Top of LISTED ENTRIES

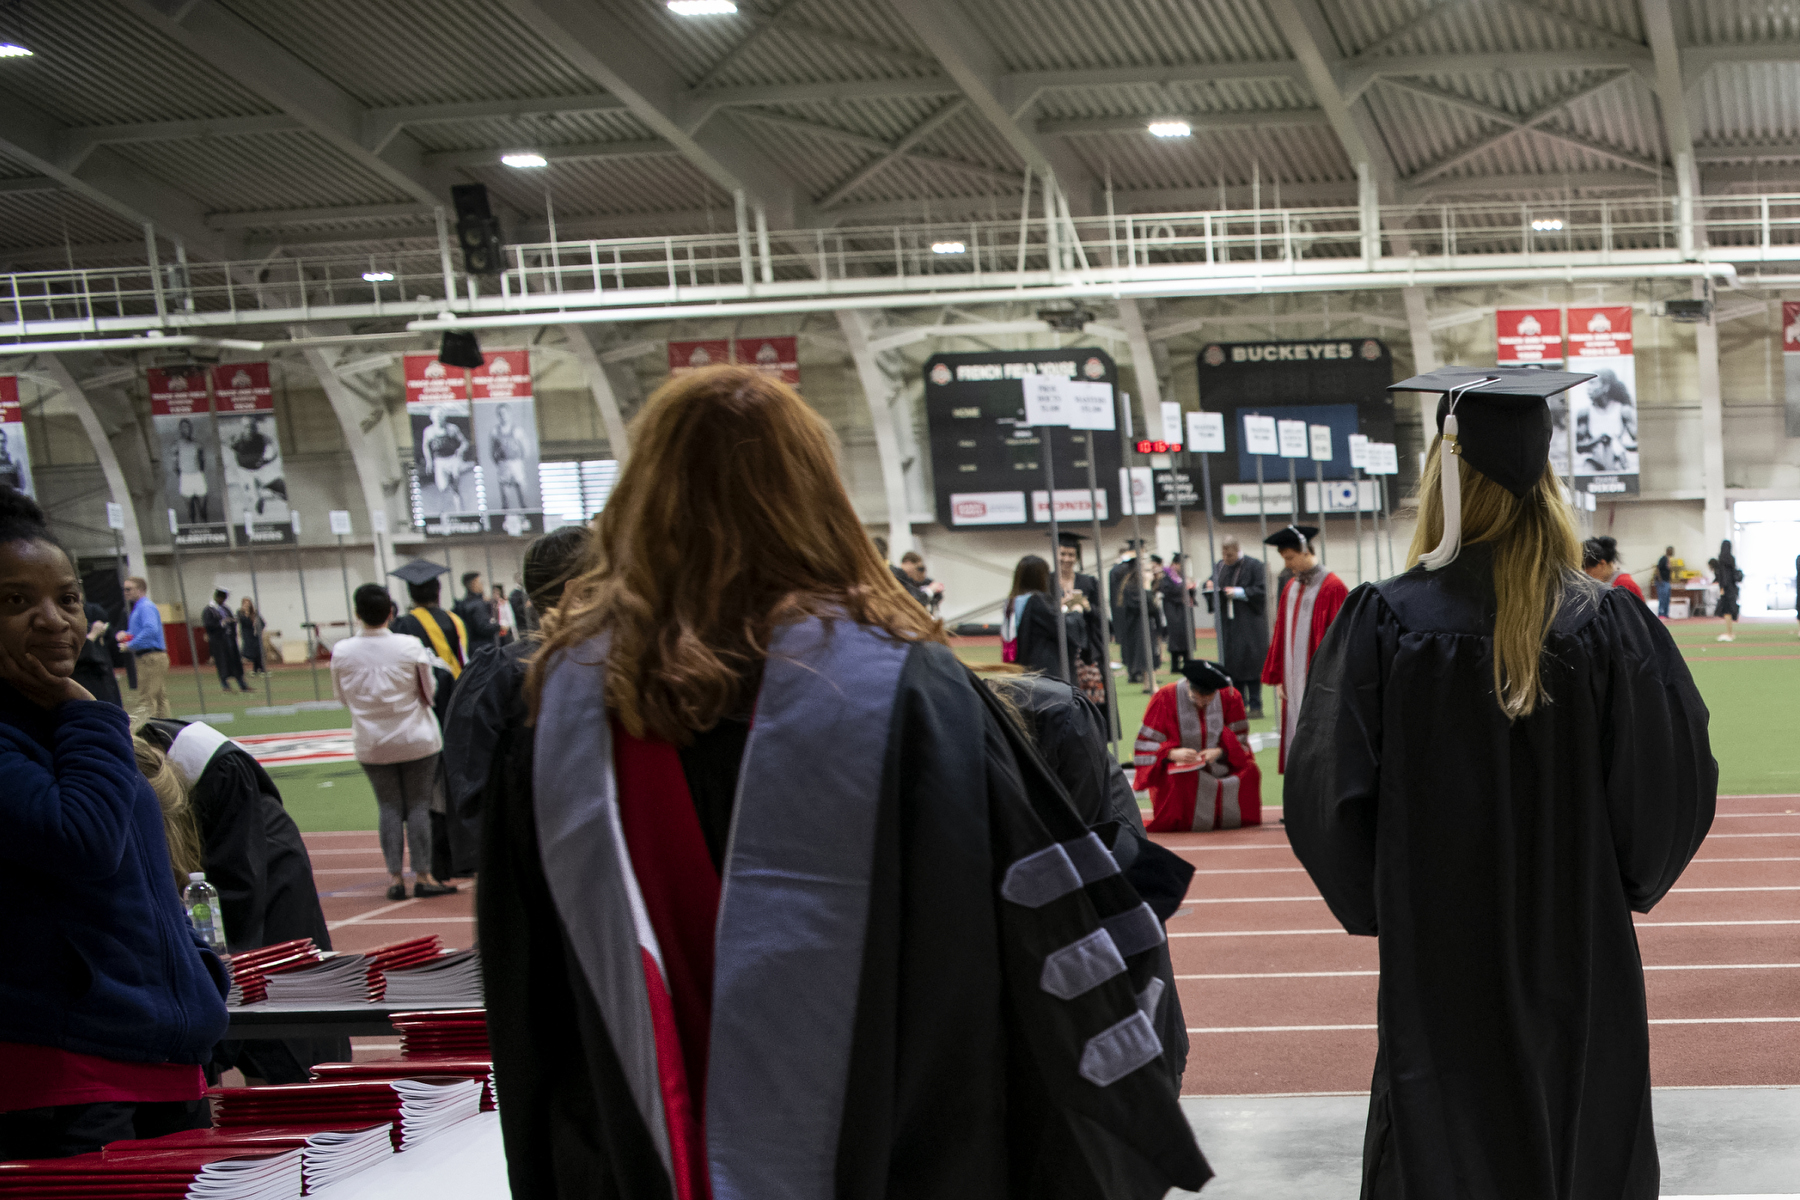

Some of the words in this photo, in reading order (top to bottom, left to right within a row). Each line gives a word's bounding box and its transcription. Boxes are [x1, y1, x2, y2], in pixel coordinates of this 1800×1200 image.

[1231, 343, 1353, 363] BUCKEYES
[955, 364, 1003, 381] FRENCH
[1003, 362, 1037, 379] FIELD
[1037, 361, 1078, 378] HOUSE
[952, 406, 981, 418] HOME
[1038, 500, 1103, 513] HONDA

Bottom of LISTED ENTRIES

Restate each entry word for word. Omit every picture.

# [RESPONSE]
Some of the words in this photo, in reading order (top to bottom, left to right within a row). Each line gives a word's bounding box and its transcription. Boxes are [x1, y1, x2, y2], in pixel coordinates of this 1800×1200 image.

[1231, 343, 1353, 363] BUCKEYES
[955, 364, 1003, 381] FRENCH
[1003, 362, 1037, 379] FIELD
[1037, 361, 1078, 378] HOUSE
[952, 406, 981, 418] HOME
[1038, 500, 1103, 513] HONDA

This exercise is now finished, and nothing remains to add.